Additionally, the present data showing large decrease of 5-HT levels in SN following local treatment with NOCI and a parallel dose-dependent, rapid decrease of (multi)-cell firing in the SN are in accord with results showing reduction of electrical activity of 5-HT neurons in RDN 18 as well as 5-HT release i.e. in cerebral cortex 19 after NOCI injection. Also, the inhibitory effect of NOCI on the nigral release of 5-HT can be related to the altered motor activity monitored i.e. using the fixed-speed rotarod test 6.

When considering the present data in a whole, it appears that there is a rapid effect of NOCI upon both DA and 5-HT signals in SN. The timing is similar although the effect is the opposite, with a very large increase of DA levels and a parallel large decrease of 5-HT values. However, while DA is rapidly largely significantly affected by NOCI 1nm, 5-HT is modified similarly by NOCI 10nm while is significantly less sensitive to NOCI 1nm (see Figure 2). Based on this observation one may propose that the rapid, large effect of NOCI 1nm on DA release may be possibly the driver of the comparatively slower and reduced change of serotonin levels, indicating that is dopamine that may be primarily influenced by NOCI in the SN.

The interaction between these two aminergic systems has been already reported in such diverse functions as temperature regulation 20, sleep 21, sexual behavior 22 and extrapyramidal function 23 although many results are conflicting 24.

In particular, it has been already reported that electrical stimulation of SN resulted in a rapid increase of the catecholaminergic DPVoltammetric signal followed by a slower decrease of the serotoninergic peak, both recorded simultaneously in the rat striatum 25. Accordingly, Kuhr and coll. 26 observed a rapid rise of DA levels in the caudate after electrical stimulation in SN. A similar and more consistent effect was observed when stimulating the medial forebrain bundle (MFB) and recording DA and 5-HT activities in the striatum 2527.

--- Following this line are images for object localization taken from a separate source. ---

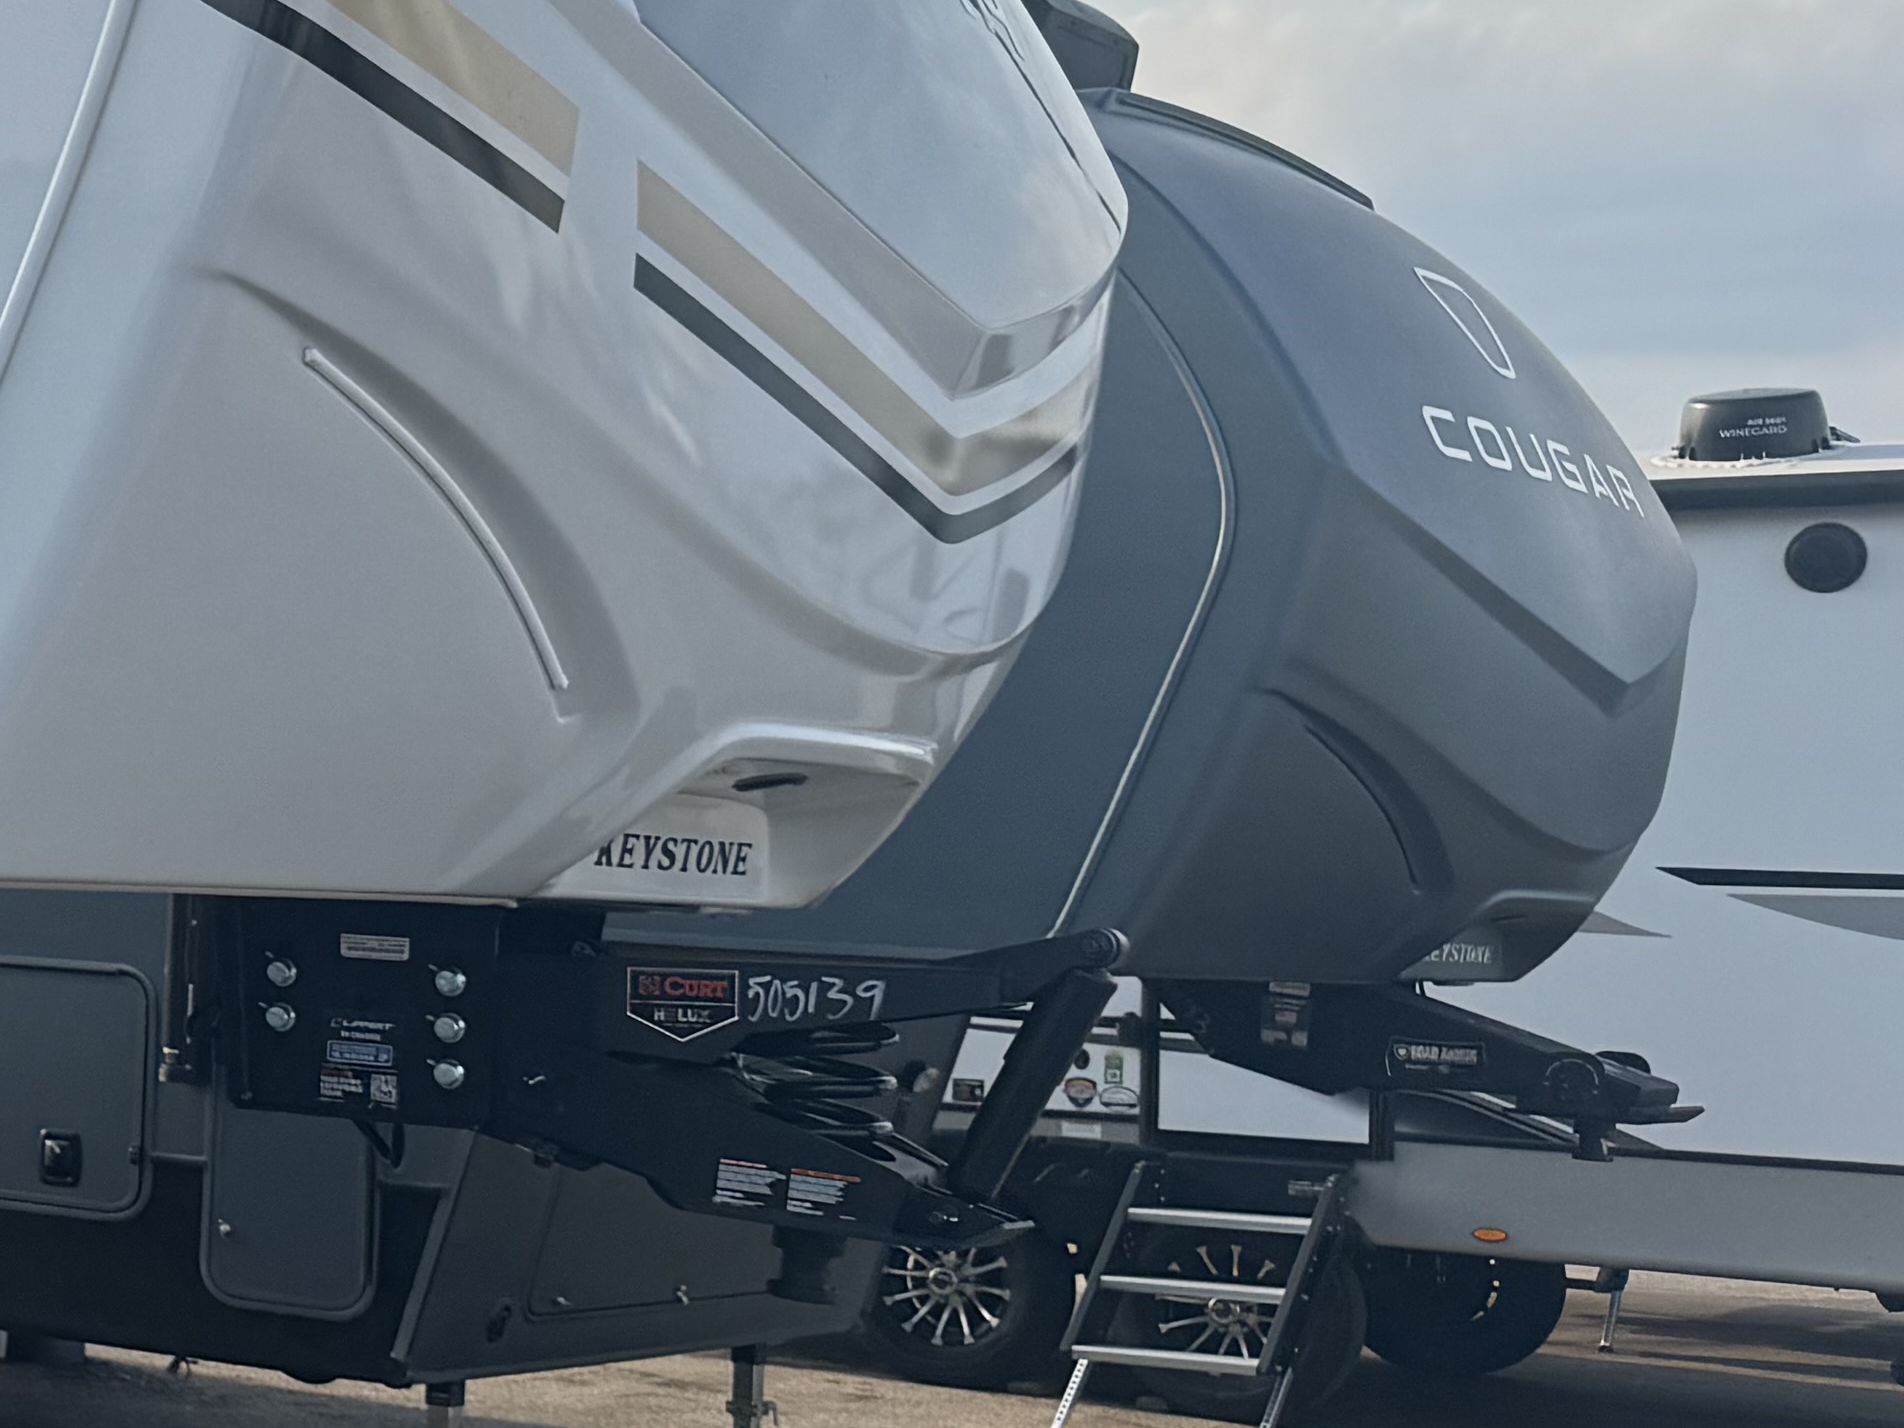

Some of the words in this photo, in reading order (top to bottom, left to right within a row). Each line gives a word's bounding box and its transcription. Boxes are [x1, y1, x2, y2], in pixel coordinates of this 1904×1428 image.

[1719, 425, 1788, 438] WINEGARD
[1422, 405, 1645, 518] COUGAR
[1423, 943, 1492, 964] EYSTONE
[664, 976, 728, 998] CURT
[747, 975, 886, 1022] 505139
[653, 1007, 711, 1023] HELUX

In conclusion, this work provides further evidence that DPV combined with mCFE is a valuable tool in the study of the in vivo effect of NOCI, an endogenous neuropeptide involved in a number of biological actions 282930. In particular, it proposes a multifaceted implication of this neuropeptide on both dopaminergic and serotoninergic functions in the SN, suggesting a primary influence upon dopamine activity followed by the serotoninergic response. This data may be of importance in the interpretation of the biological functions of NOCI as indeed the NOCI-NOP receptor system is widely represented throughout the CNS 31.

For instance, the influence upon motor behavior may be considered as an implication of both DA and 5-HT in physiological as well as pathological conditions i.e. Parkinson disease (PD) 32.

Furthermore, the involvement of serotonergic mechanisms in the development of Levodopa-induced dyskinesias (LIDs) via aberrant processing of exogenous levodopa and release of dopamine as a false neurotransmitter in PD patients has been recently confirmed 33.

Additionally, the implication of NOCI within the regulation of feeding, body weight homeostasis, stress, the stress-related psychiatric disorders of depression and anxiety, and in drug and alcohol dependence, pathological situations involving both DA and 5-HT, has been described (for a review see 34).

Therefore, the present data proposing a complex interaction between NOCI, DA and 5-HT systems may be of help in the interpretation of physiological as well as pathological states and consequent development of therapeutical approaches.